Tak Terima Putusan Hakim, PH Terdakwa Kasus BBM di Pohuwato Ajukan Banding

BBM Pohuwato

READ.ID – Tidak terima dengan putusan majelis hakim Pengadilan Negeri (PN) Marisa, Penasihat Hukum (PH) terdakwa kasus penyalagunaan Bahan Bakar Minyak (BBM) bersubsidi Jenis Solar di Kabupaten Pohuwato mengajukan banding ke Pengadilan Tinggi Gorontalo.

Diketahui, terdakwa Syamsul Kolonta (23) warga Desa Malango, Kecamatan Taluditi, diamankan pihak Kepolisian Resor (Polres) Pohuwato pada (28/04/2021) saat sedang mengambil BBM di SPBU Randangan dan diputuskan bersalah oleh hakim PN marisa pada (08/09/2022) dengan hukuman 6 Bulan penjara dan denda Rp.15 Juta.

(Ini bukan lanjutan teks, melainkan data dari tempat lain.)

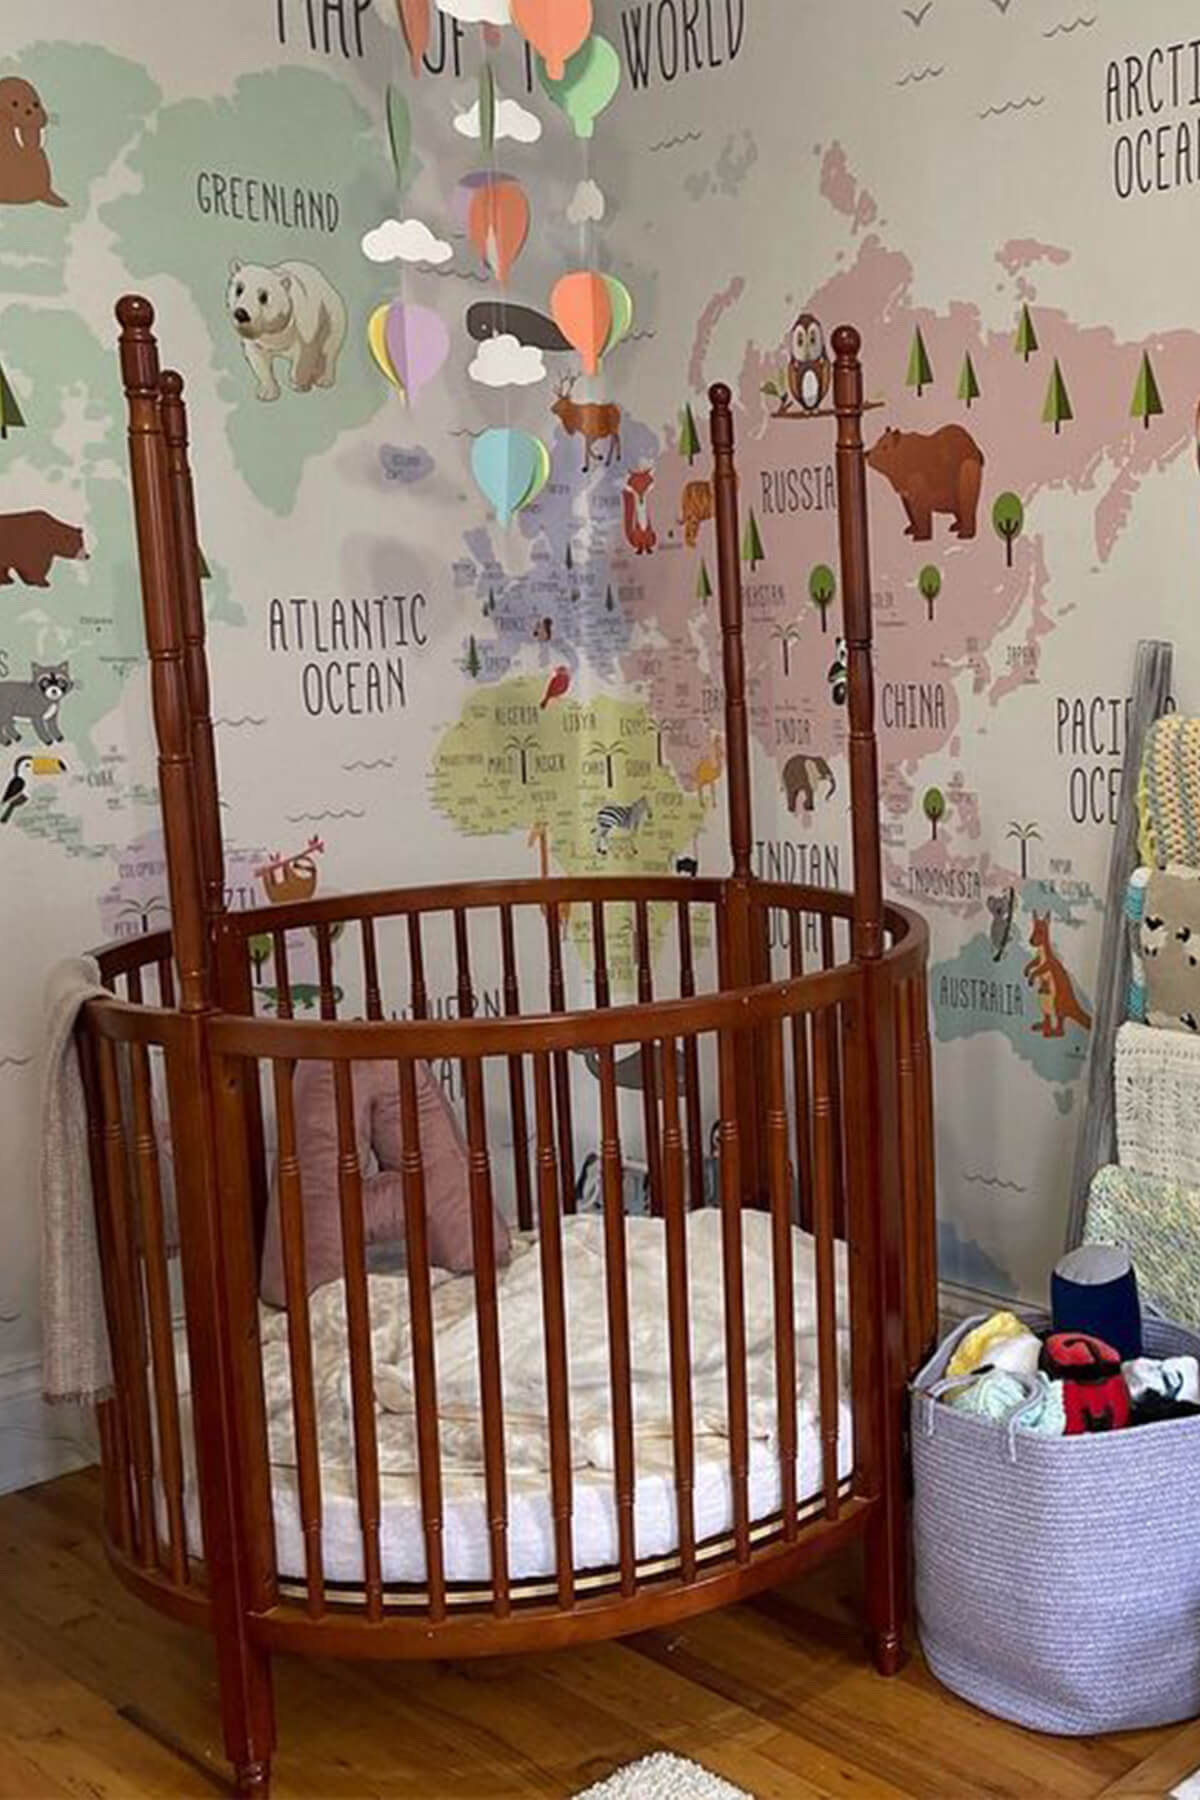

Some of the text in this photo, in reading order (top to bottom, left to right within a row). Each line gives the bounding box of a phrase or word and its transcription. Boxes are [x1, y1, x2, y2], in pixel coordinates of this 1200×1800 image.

[621, 0, 745, 90] WORLD
[1106, 40, 1200, 124] ARCTI
[1114, 118, 1200, 198] OCEA
[197, 172, 339, 233] GREENLAND
[760, 464, 837, 514] RUSSIA
[269, 593, 428, 652] ATLANTIC
[302, 657, 406, 716] OCEAN
[882, 683, 947, 729] CHINA
[562, 711, 597, 733] LIBYA
[774, 718, 812, 745] INDIA
[1069, 766, 1123, 824] OCE
[907, 866, 981, 899] INDONESIA
[939, 976, 1024, 1017] AUSTRALIA
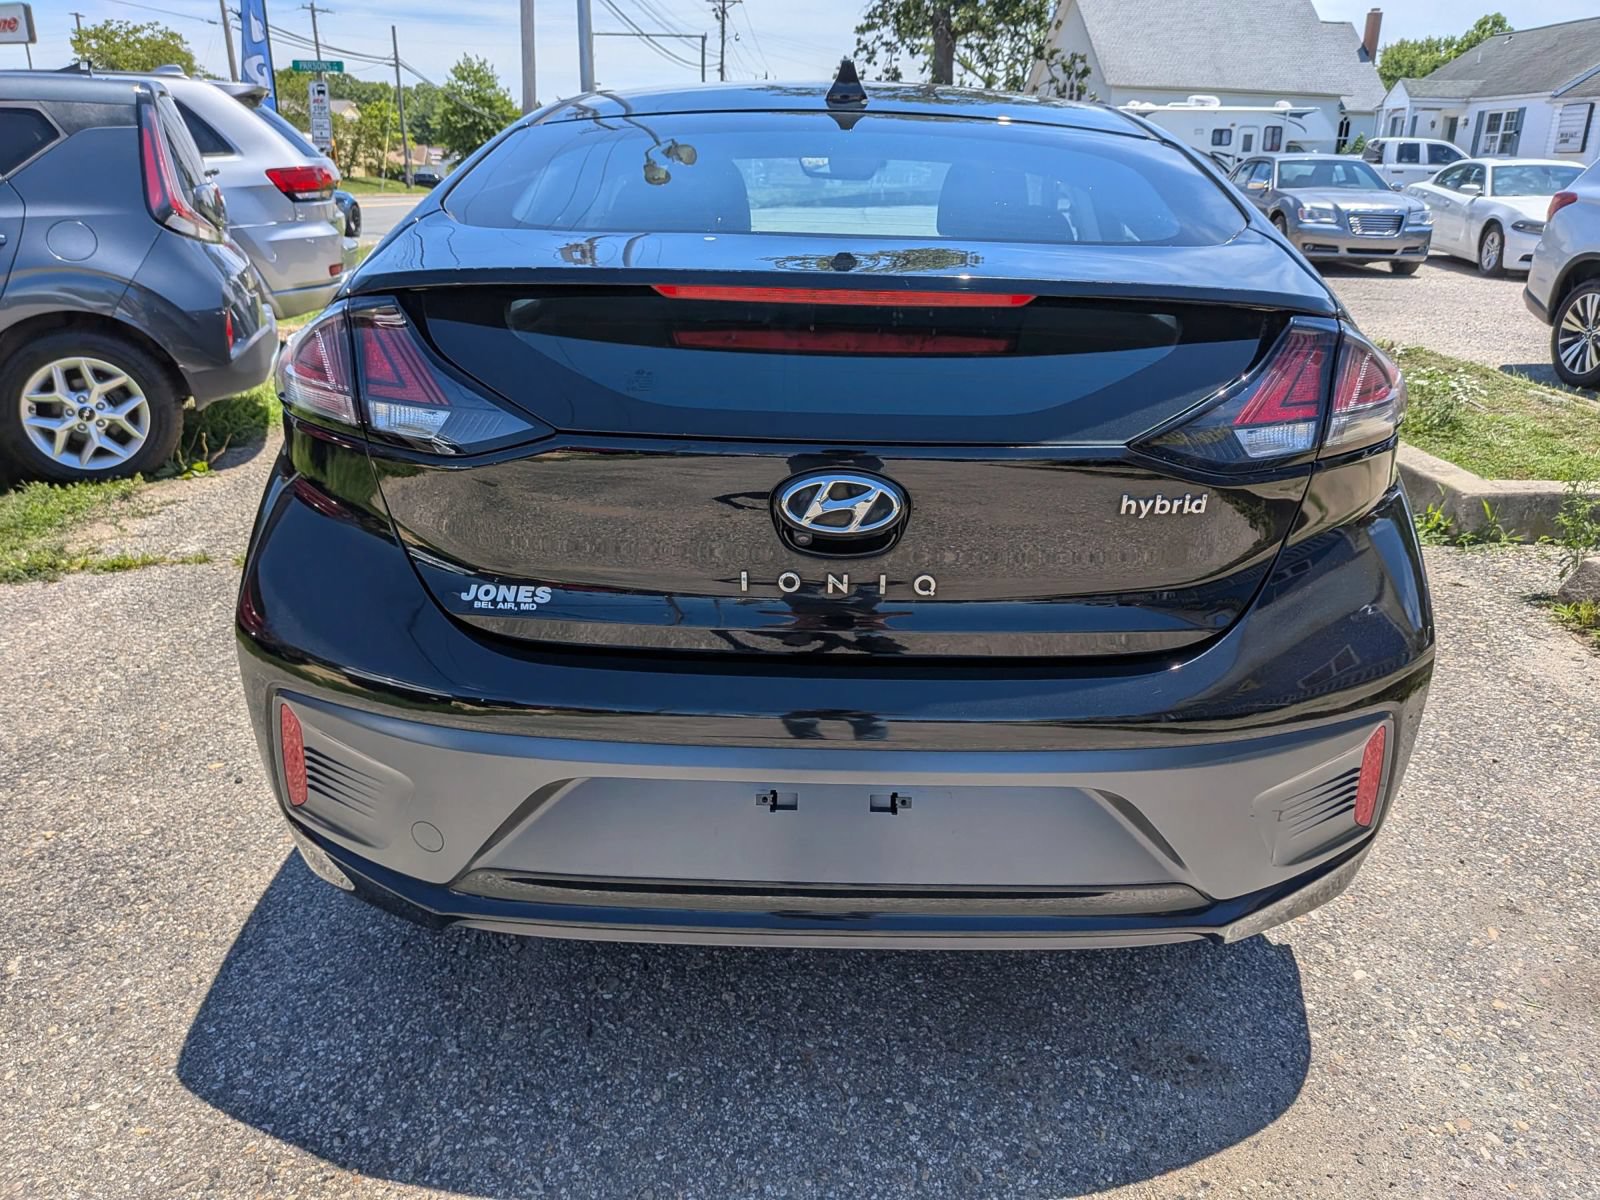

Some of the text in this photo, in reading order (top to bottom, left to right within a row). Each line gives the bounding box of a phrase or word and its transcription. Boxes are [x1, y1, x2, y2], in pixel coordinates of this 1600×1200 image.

[299, 61, 331, 71] PARSONS
[1120, 494, 1208, 519] hybrid
[740, 571, 936, 596] IONIQ
[460, 584, 552, 603] JONES
[473, 601, 537, 611] BEL AIR, MD

PH terdakwa, Stenly Nipi menyampaikan, ada beberapa hal yang menjadi dasar mereka mengajukan banding diantarnya pertama, tidak terima atas putusan judex factie karena terdakwa masih merupakan pelajar/mahasiswa yang tentunya harus diberi perlindungan,

Dijelaskan Stenly, mengingat putusan judex factie berdasar pada hukuman preventif maka hal itu tidak cukup adil untuk kliennya dimana muatan putusan tidak memuat hukuman yang lebih edukatif, terdakwa harus ditempatkan sebagai korban bukan pelaku utama karena ada pihak lain yang harusnya lebih bertanggung jawab.

“Kami keberatan dengan putusan Hakim yang tidak mempertimbangkan keadaan terdakwa, yang masih dalam proses pengajuan proposal penelitian akhir studi, tidak diberikan keringanan, sebagai informasi klien kami ditangkap dan ditahan pada saat ia pulang dari kuliah kerja lapangan plus, yang merupakan bagian proses pembelajaran dan penilaian mahasiswa akhir studi”ungkapnya kepada tim read.id, Selasa (20/09/2022)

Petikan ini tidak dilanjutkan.